*** Opening Task input ***

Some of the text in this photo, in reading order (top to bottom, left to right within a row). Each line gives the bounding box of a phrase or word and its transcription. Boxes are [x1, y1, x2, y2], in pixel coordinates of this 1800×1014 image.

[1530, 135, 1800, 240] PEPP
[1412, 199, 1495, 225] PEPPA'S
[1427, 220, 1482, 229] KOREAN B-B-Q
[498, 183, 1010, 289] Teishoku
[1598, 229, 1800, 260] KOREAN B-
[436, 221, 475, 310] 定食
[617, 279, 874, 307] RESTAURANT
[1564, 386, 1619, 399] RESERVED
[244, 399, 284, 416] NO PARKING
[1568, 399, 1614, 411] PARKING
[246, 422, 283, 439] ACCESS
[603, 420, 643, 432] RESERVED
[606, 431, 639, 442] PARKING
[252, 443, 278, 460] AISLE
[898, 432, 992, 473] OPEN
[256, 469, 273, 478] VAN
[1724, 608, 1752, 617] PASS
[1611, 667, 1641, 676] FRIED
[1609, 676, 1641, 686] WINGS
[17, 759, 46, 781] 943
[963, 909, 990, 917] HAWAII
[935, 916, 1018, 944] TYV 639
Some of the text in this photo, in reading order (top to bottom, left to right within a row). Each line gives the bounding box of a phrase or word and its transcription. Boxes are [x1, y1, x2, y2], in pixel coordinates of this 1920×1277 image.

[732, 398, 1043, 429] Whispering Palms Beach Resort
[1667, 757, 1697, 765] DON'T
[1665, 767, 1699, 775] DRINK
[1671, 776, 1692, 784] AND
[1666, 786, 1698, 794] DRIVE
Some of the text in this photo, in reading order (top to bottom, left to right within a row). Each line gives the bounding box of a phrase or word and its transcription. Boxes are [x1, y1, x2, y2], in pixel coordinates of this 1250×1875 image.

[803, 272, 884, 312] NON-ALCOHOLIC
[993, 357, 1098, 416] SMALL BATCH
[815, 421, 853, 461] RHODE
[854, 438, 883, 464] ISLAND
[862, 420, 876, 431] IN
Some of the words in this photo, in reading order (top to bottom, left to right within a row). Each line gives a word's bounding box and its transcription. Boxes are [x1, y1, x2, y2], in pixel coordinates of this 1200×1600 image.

*** Closing Task input ***

▸ **Directions for this task**
Reproduce the whole listing verbatim.

▸ **Final answer**
Some of the text in this photo, in reading order (top to bottom, left to right within a row). Each line gives the bounding box of a phrase or word and its transcription. Boxes are [x1, y1, x2, y2], in pixel coordinates of this 1800×1014 image.

[1530, 135, 1800, 240] PEPP
[1412, 199, 1495, 225] PEPPA'S
[1427, 220, 1482, 229] KOREAN B-B-Q
[498, 183, 1010, 289] Teishoku
[1598, 229, 1800, 260] KOREAN B-
[436, 221, 475, 310] 定食
[617, 279, 874, 307] RESTAURANT
[1564, 386, 1619, 399] RESERVED
[244, 399, 284, 416] NO PARKING
[1568, 399, 1614, 411] PARKING
[246, 422, 283, 439] ACCESS
[603, 420, 643, 432] RESERVED
[606, 431, 639, 442] PARKING
[252, 443, 278, 460] AISLE
[898, 432, 992, 473] OPEN
[256, 469, 273, 478] VAN
[1724, 608, 1752, 617] PASS
[1611, 667, 1641, 676] FRIED
[1609, 676, 1641, 686] WINGS
[17, 759, 46, 781] 943
[963, 909, 990, 917] HAWAII
[935, 916, 1018, 944] TYV 639
Some of the text in this photo, in reading order (top to bottom, left to right within a row). Each line gives the bounding box of a phrase or word and its transcription. Boxes are [x1, y1, x2, y2], in pixel coordinates of this 1920×1277 image.

[732, 398, 1043, 429] Whispering Palms Beach Resort
[1667, 757, 1697, 765] DON'T
[1665, 767, 1699, 775] DRINK
[1671, 776, 1692, 784] AND
[1666, 786, 1698, 794] DRIVE
Some of the text in this photo, in reading order (top to bottom, left to right within a row). Each line gives the bounding box of a phrase or word and its transcription. Boxes are [x1, y1, x2, y2], in pixel coordinates of this 1250×1875 image.

[803, 272, 884, 312] NON-ALCOHOLIC
[993, 357, 1098, 416] SMALL BATCH
[815, 421, 853, 461] RHODE
[854, 438, 883, 464] ISLAND
[862, 420, 876, 431] IN
Some of the words in this photo, in reading order (top to bottom, left to right within a row). Each line gives a word's bounding box and its transcription. Boxes are [x1, y1, x2, y2], in pixel coordinates of this 1200×1600 image.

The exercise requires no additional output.